Царапка: Сердитый Никита забавно кулаком грозит на коллаже, а Полька довольная!

Светлячок: Какой насыщенный отрывок! Я так за Анну и Андрея тут переживала Бедняги, узнать такие новости Жить не захочешь. Принцесса такая милашка, а её чуть не тот свет не отправили. Беня вовремя на пороге шатра нарисовался. БиО, как я их люблю Поцелуй в пустыне, мням Шикарная пара! Кайз с Забой Воспоминания Алекса на рассвете я читать не могу. Слёзы душат...

Бреточка: Какой Саня Мне Мари жалко

Алекса: Gata пишет: Андрей: Откуда я знаю, почему Иван Иваныч скрывал? Поди у него теперь спроси! (сам чуть не плачет) Анечка, я не знаю, что нам теперь делать... то есть понятно, чего нам не надо делать... Вроде плакать надо, а так написано, что улыбаешься Андрюшка такой милый. Gata пишет: Gata пишет: Ольга: (обвивает руками шею графа) Когда никто не видит, нет скандала, а это скучно… (слегка касается губами губ Бенкендорфа) Еще в игре на этом месте я выпала в осадок. Ольга меня покорила. Какая женщина! Ольга: (берет Бенкендорфа под руку, идут к шатру) Благодарю. (замечает Александра, но делает вид, что не видит его) А вот этот момент я так и не поняла. Почему Ольга делает вид, что не замечает Александра? Заба с Кайзом мне тоже очень понравились. Такие забавные прохиндеи Gata пишет: И я вновь вспоминаю тот самый, роковой рассвет. Наше расставание. Едва занимается заря, совсем как сейчас. Беззвучие границы, холодные ароматы поздней осени, карета, слеза, бегущая по горячей щеке и последний, горько-сладкий поцелуй... Вы меня понимаете Читать это трудно. Весь монолог Александра меня потряс.

Olya: Заба в наручниках и моя любимая БиО - самые лучшие коллажи От сцены графа и пани и монолога Александра у меня как всегда перехватило дыхание Очень жалко Сашу... Нет повести печальнее на свете, чем о любви, погаснувшей в расцвете

ksenchik: Гаточка, спасибо, спасибо, спасибо! Царапка пишет: Сердитый Никита забавно кулаком грозит на коллаже, а Полька довольная! Еще бы ей не быть довольной - такой защитник рядом Алекса пишет: читать это трудно. Весь монолог Александра меня потряс. Сколько перечитываю - столько и рыдаю

Светлячок: Бреточка пишет: Мне Мари жалко Почему? Беня подоспел вовремя, принцессу спасли. А про всё остальное она не в курсе дела. Алекса пишет: Андрюшка такой милый. Они с Анной вышли сладкой парочкой Мне очень понравились коллажи с БиО (колечко магистра так и сверкает ), где Полинка и Никита с кулаком и Заба в наручниках

Роза: Алекса пишет: Почему Ольга делает вид, что не замечает Александра? "Это элементарно, Ватсон" (с)

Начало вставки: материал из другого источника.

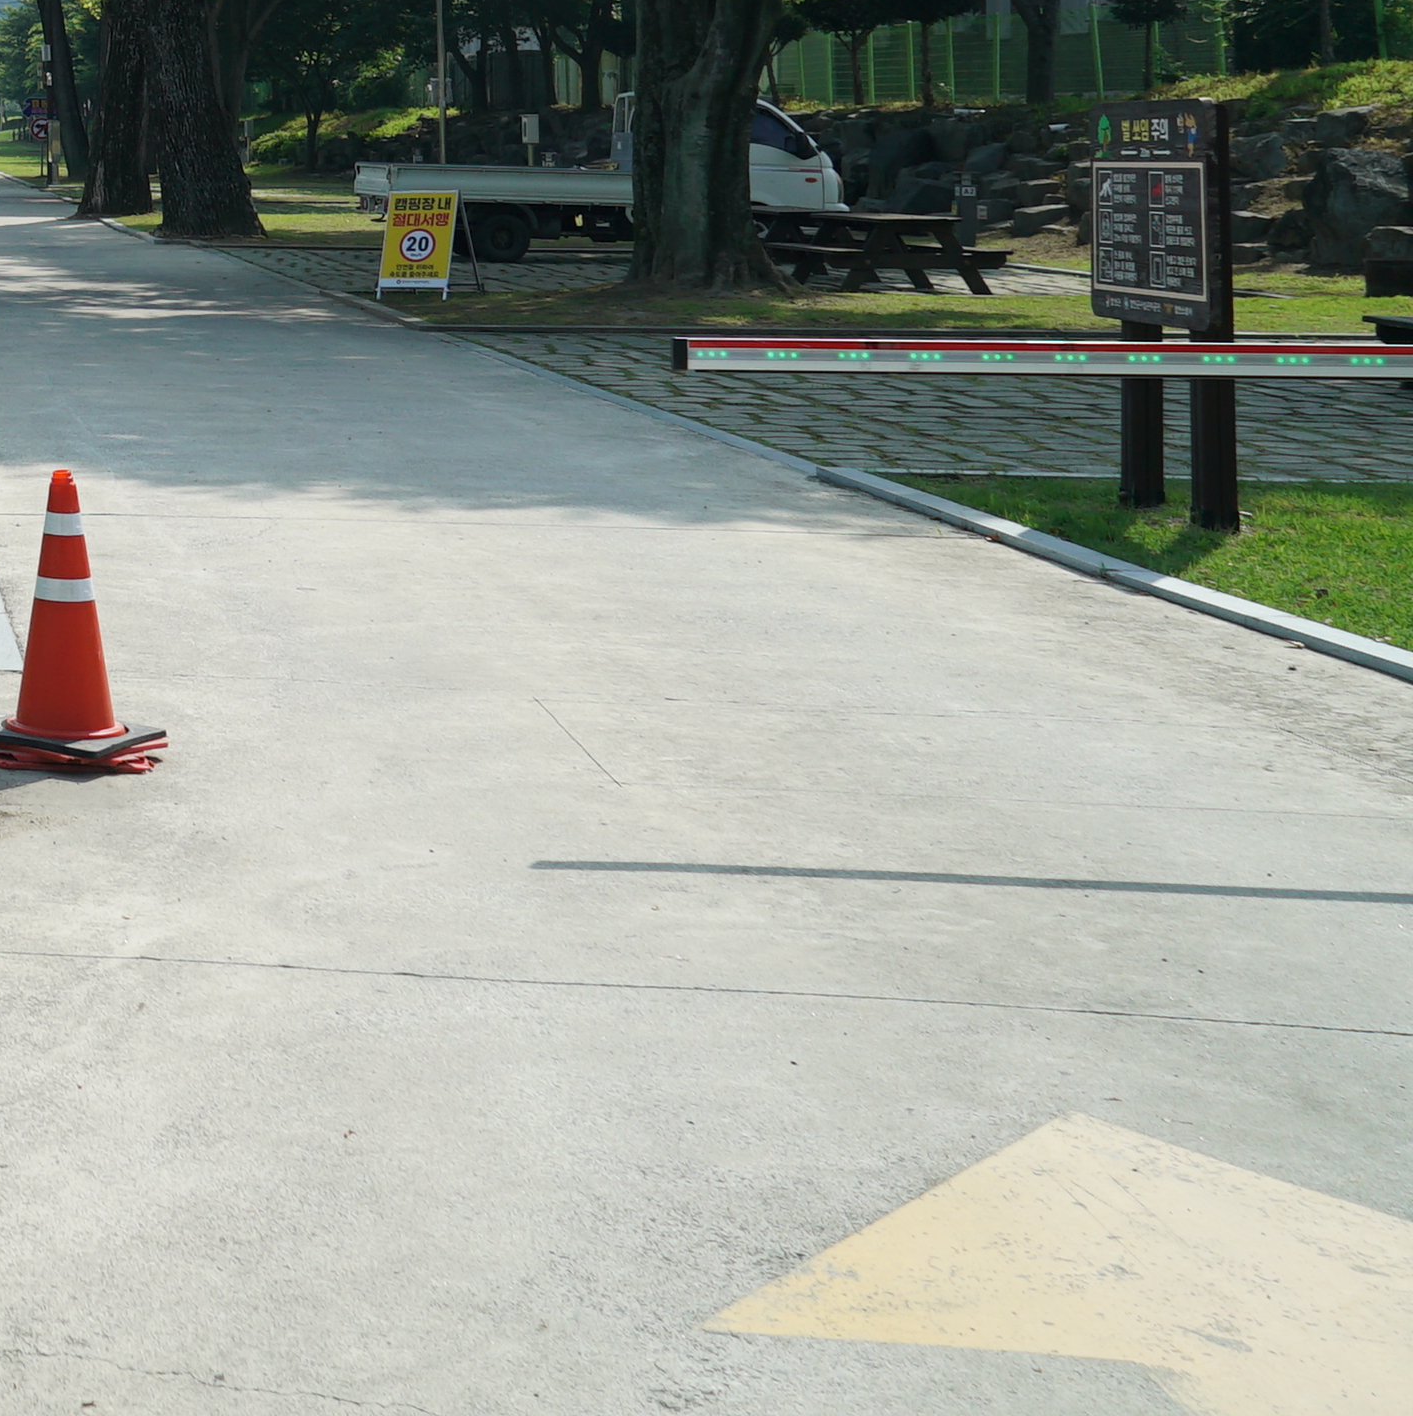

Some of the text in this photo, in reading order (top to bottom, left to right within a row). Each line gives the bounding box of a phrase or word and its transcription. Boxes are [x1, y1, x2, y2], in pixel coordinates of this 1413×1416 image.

[1151, 118, 1169, 142] 주의
[394, 197, 452, 212] 캠핑장 내
[392, 212, 450, 228] 절대서행
[406, 236, 429, 252] 20

Gata: Спасибо за отзывы! Картинки рисую с удовольствием, и рада, что это доставляет удовольствие и вам Я тут посчитала - оказывается, нарисовано уже больше сотни картинок Olya пишет: Нет повести печальнее на свете, чем о любви, погаснувшей в расцвете Шекспир отдыхает Светлячок пишет: Почему? Беня подоспел вовремя, принцессу спасли. А про всё остальное она не в курсе дела. А то, что принцесса чувствует свое одиночество и «лишность» в миссии – это разве не достойно сочувствия?

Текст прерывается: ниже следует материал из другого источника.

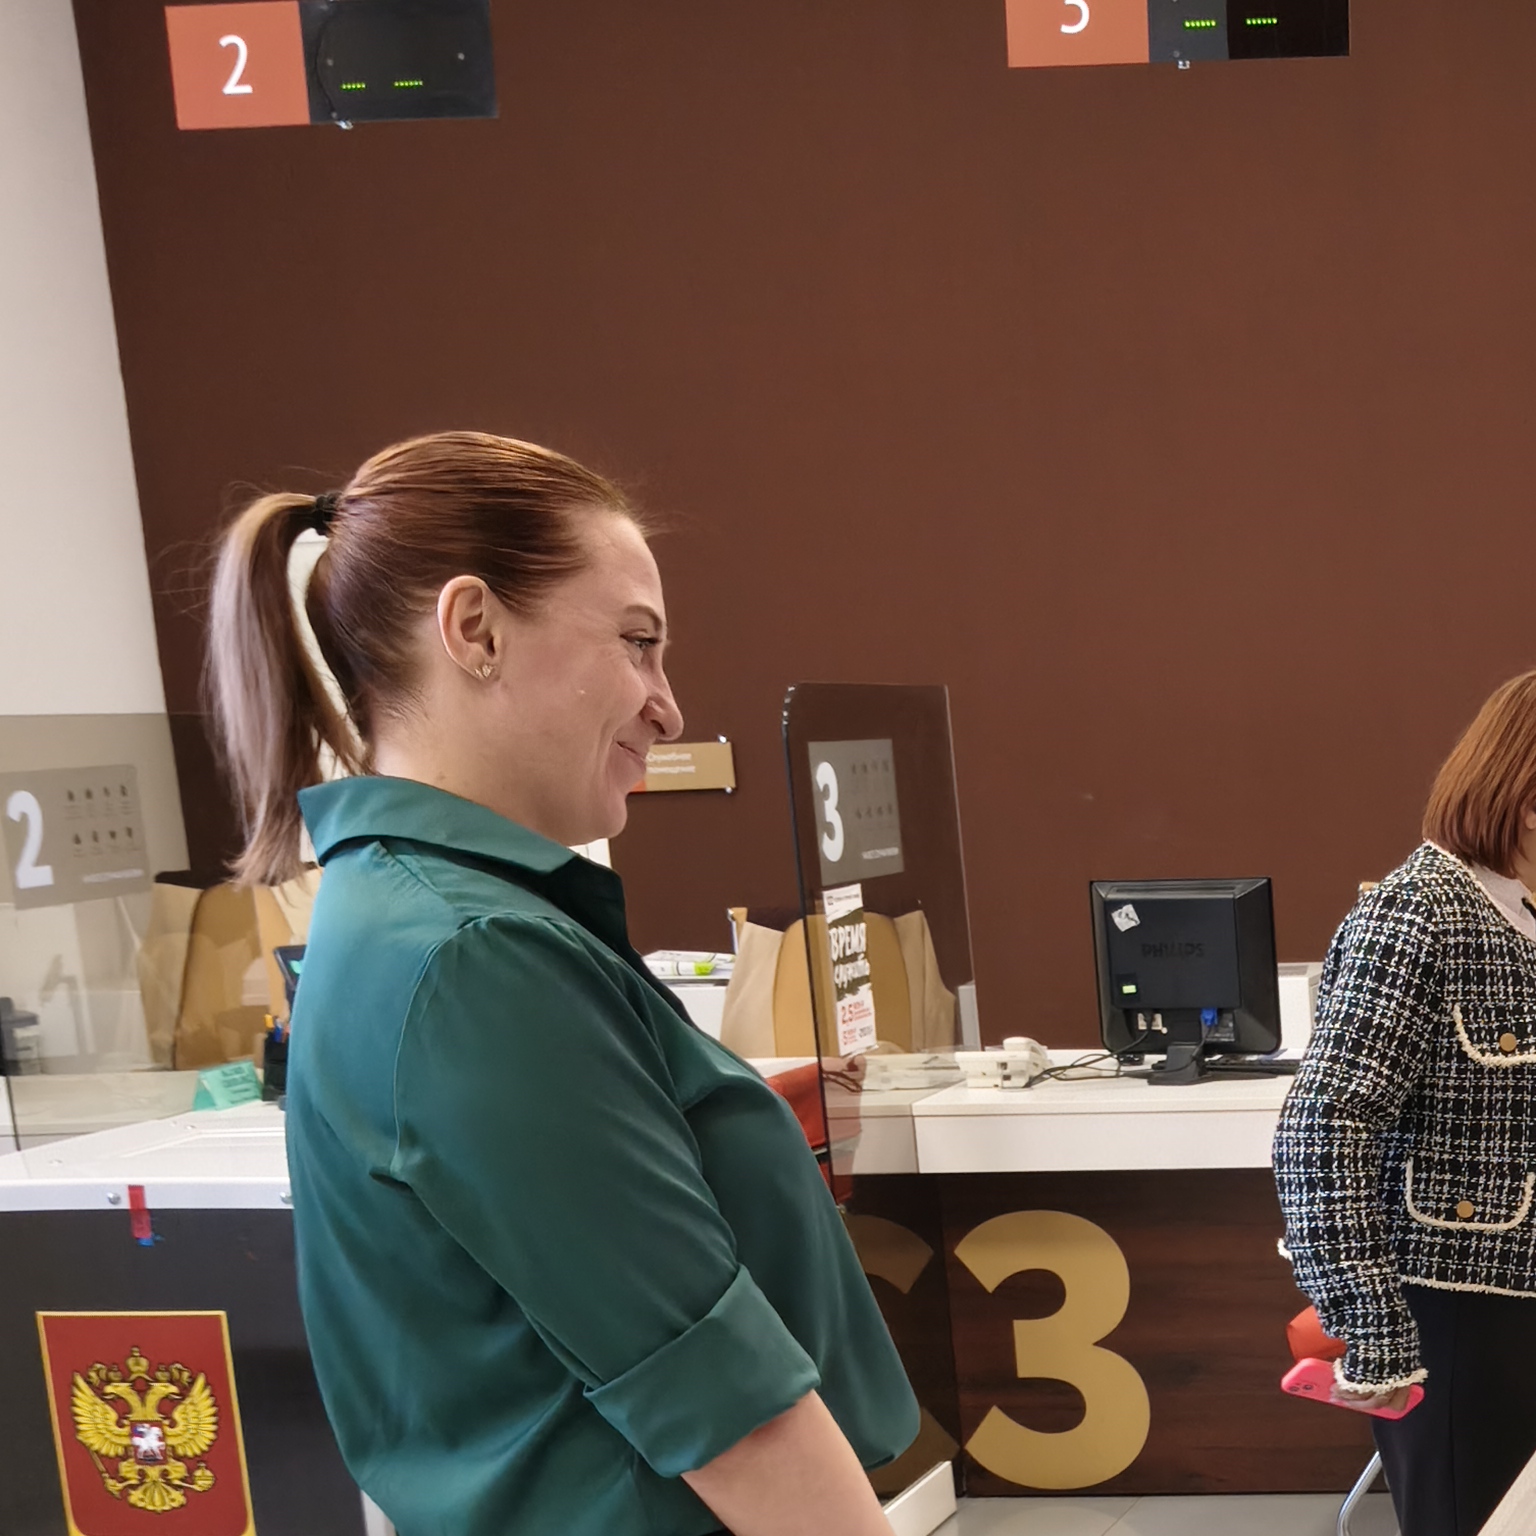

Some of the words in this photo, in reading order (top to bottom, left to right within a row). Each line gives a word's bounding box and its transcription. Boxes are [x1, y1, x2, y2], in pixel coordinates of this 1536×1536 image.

[219, 35, 254, 95] 2
[7, 790, 54, 889] 2
[815, 761, 845, 862] 3
[829, 923, 867, 962] ВРЕМЯ
[1141, 943, 1205, 959] PHILIPS
[954, 1209, 1150, 1490] 3
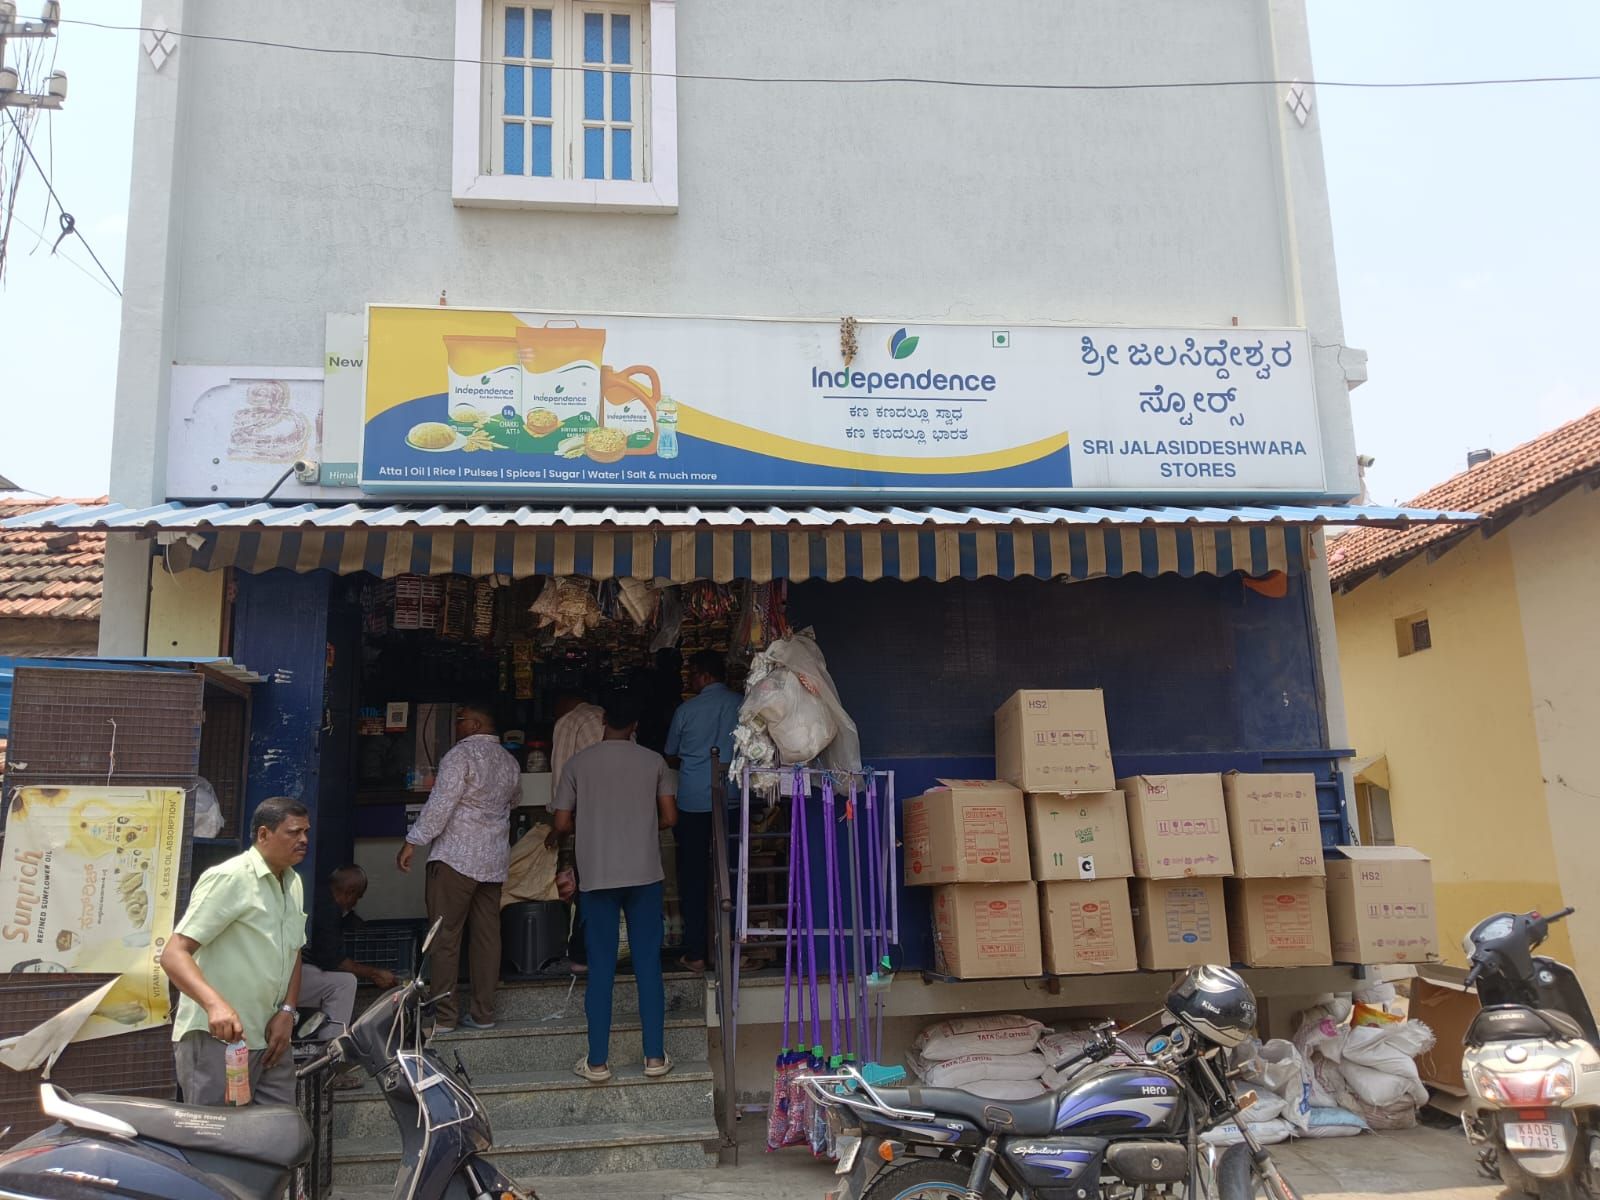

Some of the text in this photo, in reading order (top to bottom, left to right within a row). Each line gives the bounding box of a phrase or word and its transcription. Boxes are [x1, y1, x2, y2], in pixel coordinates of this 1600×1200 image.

[329, 356, 363, 368] New
[1081, 335, 1292, 380] ಶ್ರೀ ಜಲಸಿದ್ದೇಶ್ವರ
[812, 366, 996, 394] Independence
[455, 384, 514, 396] Independence
[533, 393, 587, 403] Independence
[849, 405, 869, 417] ಕಣ
[845, 426, 865, 439] ಕಣ
[932, 427, 968, 442] ಭಾರತ
[1082, 439, 1307, 455] SRI JALASIDDESHWARA
[378, 466, 402, 476] Atta
[410, 466, 425, 476] Oil
[433, 467, 456, 476] Rice
[464, 468, 498, 478] Pulses
[506, 468, 541, 479] Spices
[548, 469, 580, 480] Sugar
[587, 470, 619, 479] Water
[626, 471, 647, 479] Salt
[648, 471, 657, 479] &
[659, 471, 689, 480] much
[1160, 462, 1237, 478] STORES
[1028, 700, 1047, 709] HS2
[164, 853, 172, 866] OIL
[163, 867, 171, 887] LESS
[1361, 871, 1380, 881] HS2
[2, 850, 43, 944] Sunrich
[36, 850, 53, 944] REFINED SUNFLOWER OIL
[152, 966, 161, 998] VITAMIN
[1142, 1086, 1167, 1095] Hero

Корнет: Мелодрама пошла Gata пишет: Я тут посчитала - оказывается, нарисовано уже больше сотни картинок Респект

Роза: Gata , илюшки одна другой лучше

Алекса: Gata пишет: А то, что принцесса чувствует свое одиночество и «лишность» в миссии – это разве не достойно сочувствия? Достойно безусловно. Это настоящая драма. У каждого из нас только одно сердце. У героев тоже. Если сердце отдано одному, другому(гой) там места нет, только в душе.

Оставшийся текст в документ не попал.